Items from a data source
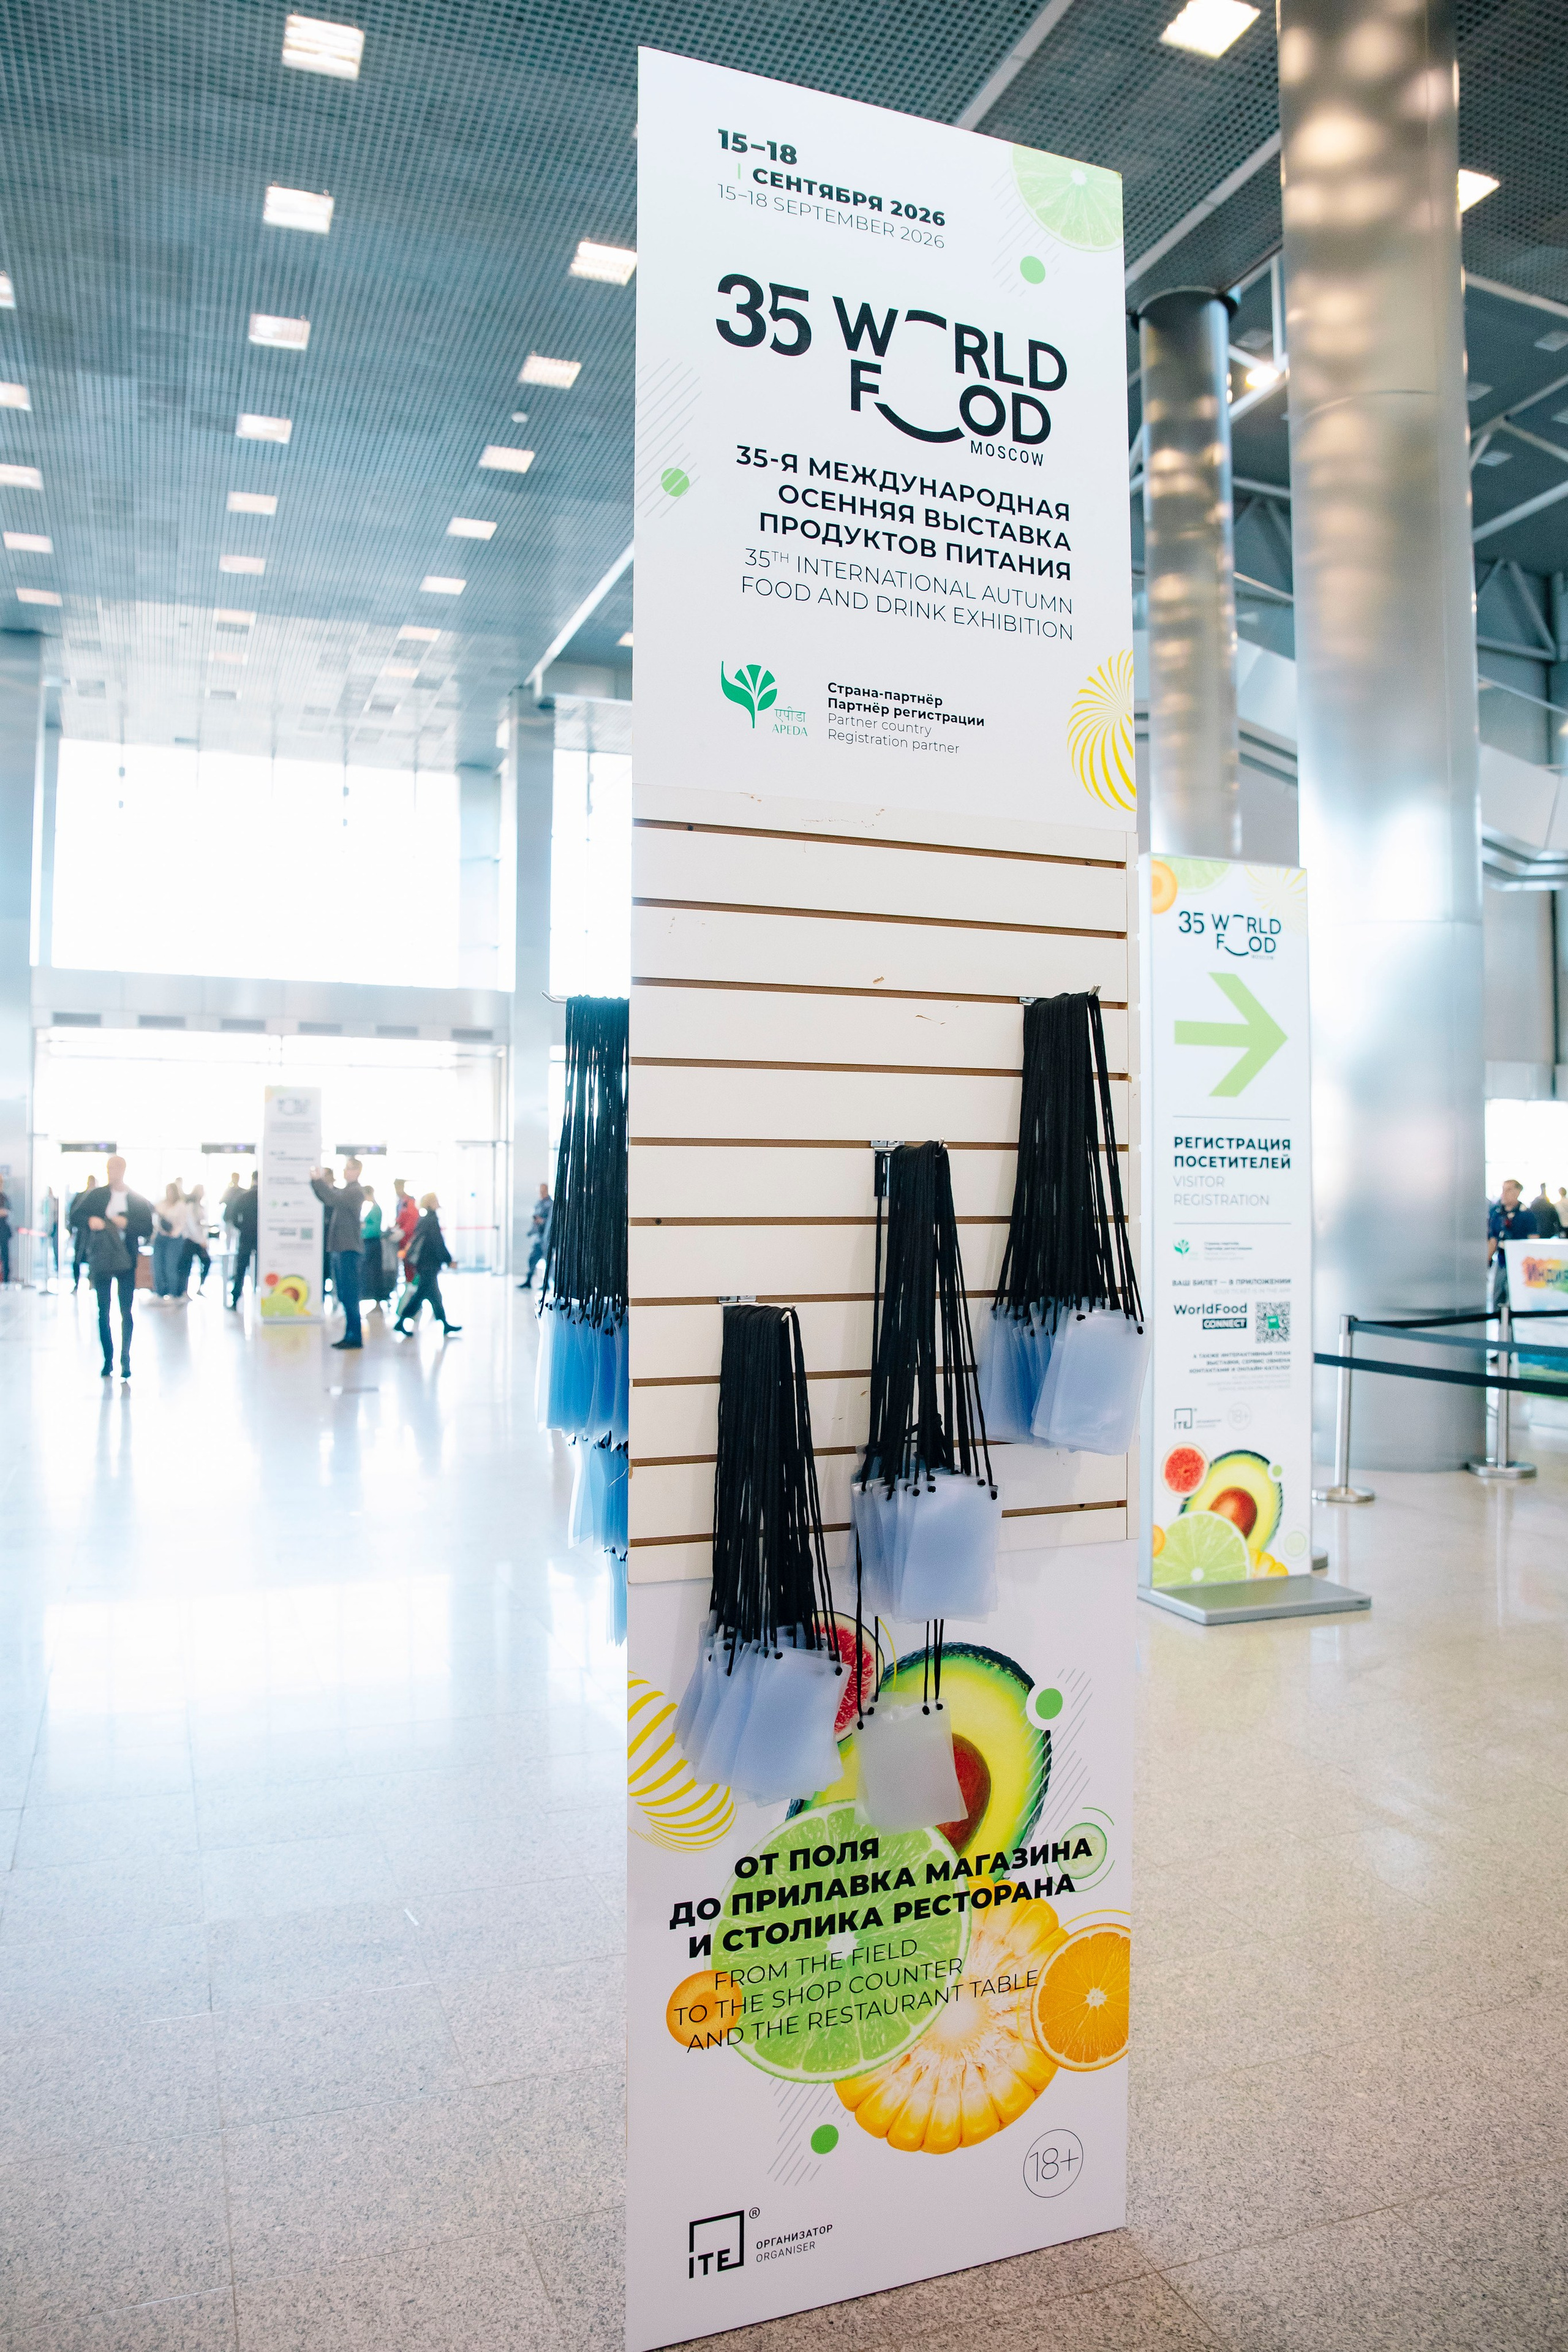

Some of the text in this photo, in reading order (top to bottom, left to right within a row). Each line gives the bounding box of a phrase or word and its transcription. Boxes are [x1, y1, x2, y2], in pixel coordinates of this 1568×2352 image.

[753, 168, 945, 226] СЕНТЯБРЯ 2026
[774, 197, 894, 237] SEPTEMBER
[900, 227, 944, 249] 2026
[716, 273, 812, 356] 35
[971, 440, 1043, 466] MOSCOW
[736, 445, 1069, 521] 35-Я МЕЖДУНАРОДНАЯ
[778, 484, 1071, 551] ОСЕННЯЯ ВЫСТАВКА
[760, 512, 1071, 581] ПРОДУКТОВ ПИТАНИЯ
[798, 556, 976, 600] INTERNATIONAL
[982, 586, 1071, 614] AUTUMN
[742, 576, 1072, 641] FOOD AND DRINK EXHIBITION
[827, 682, 943, 706] Страна-партнёр
[828, 698, 984, 726] Партнёр регистрации
[828, 712, 932, 738] Partner country
[772, 724, 807, 736] APEDA
[828, 729, 960, 754] Registration partner
[1179, 911, 1204, 934] 35
[1174, 1136, 1291, 1152] РЕГИСТРАЦИЯ
[1174, 1154, 1291, 1169] ПОСЕТИТЕЛЕЙ
[1173, 1175, 1225, 1188] VISITOR
[1174, 1194, 1270, 1206] REGISTRATION
[1174, 1303, 1248, 1315] WorldFood
[1204, 1319, 1246, 1329] CONNECT
[735, 1838, 879, 1879] ОТ ПОЛЯ
[669, 1838, 1093, 1930] ДО ПРИЛАВКА МАГАЗИНА
[689, 1874, 1076, 1958] И СТОЛИКА РЕСТОРАНА
[715, 1939, 917, 1990] FROM THE FIELD
[674, 1958, 962, 2025] TO THE SHOP COUNTER
[687, 1969, 1038, 2053] AND THE RESTAURANT TABLE
[1029, 2147, 1079, 2182] 18+
[756, 2224, 833, 2250] ОРГАНИЗАТОР
[756, 2241, 816, 2263] ORGANISER

**Prompt**
Your copy should hold each line above exactly and no pictures at all.

**Result of the exercise**
Some of the text in this photo, in reading order (top to bottom, left to right within a row). Each line gives the bounding box of a phrase or word and its transcription. Boxes are [x1, y1, x2, y2], in pixel coordinates of this 1568×2352 image.

[753, 168, 945, 226] СЕНТЯБРЯ 2026
[774, 197, 894, 237] SEPTEMBER
[900, 227, 944, 249] 2026
[716, 273, 812, 356] 35
[971, 440, 1043, 466] MOSCOW
[736, 445, 1069, 521] 35-Я МЕЖДУНАРОДНАЯ
[778, 484, 1071, 551] ОСЕННЯЯ ВЫСТАВКА
[760, 512, 1071, 581] ПРОДУКТОВ ПИТАНИЯ
[798, 556, 976, 600] INTERNATIONAL
[982, 586, 1071, 614] AUTUMN
[742, 576, 1072, 641] FOOD AND DRINK EXHIBITION
[827, 682, 943, 706] Страна-партнёр
[828, 698, 984, 726] Партнёр регистрации
[828, 712, 932, 738] Partner country
[772, 724, 807, 736] APEDA
[828, 729, 960, 754] Registration partner
[1179, 911, 1204, 934] 35
[1174, 1136, 1291, 1152] РЕГИСТРАЦИЯ
[1174, 1154, 1291, 1169] ПОСЕТИТЕЛЕЙ
[1173, 1175, 1225, 1188] VISITOR
[1174, 1194, 1270, 1206] REGISTRATION
[1174, 1303, 1248, 1315] WorldFood
[1204, 1319, 1246, 1329] CONNECT
[735, 1838, 879, 1879] ОТ ПОЛЯ
[669, 1838, 1093, 1930] ДО ПРИЛАВКА МАГАЗИНА
[689, 1874, 1076, 1958] И СТОЛИКА РЕСТОРАНА
[715, 1939, 917, 1990] FROM THE FIELD
[674, 1958, 962, 2025] TO THE SHOP COUNTER
[687, 1969, 1038, 2053] AND THE RESTAURANT TABLE
[1029, 2147, 1079, 2182] 18+
[756, 2224, 833, 2250] ОРГАНИЗАТОР
[756, 2241, 816, 2263] ORGANISER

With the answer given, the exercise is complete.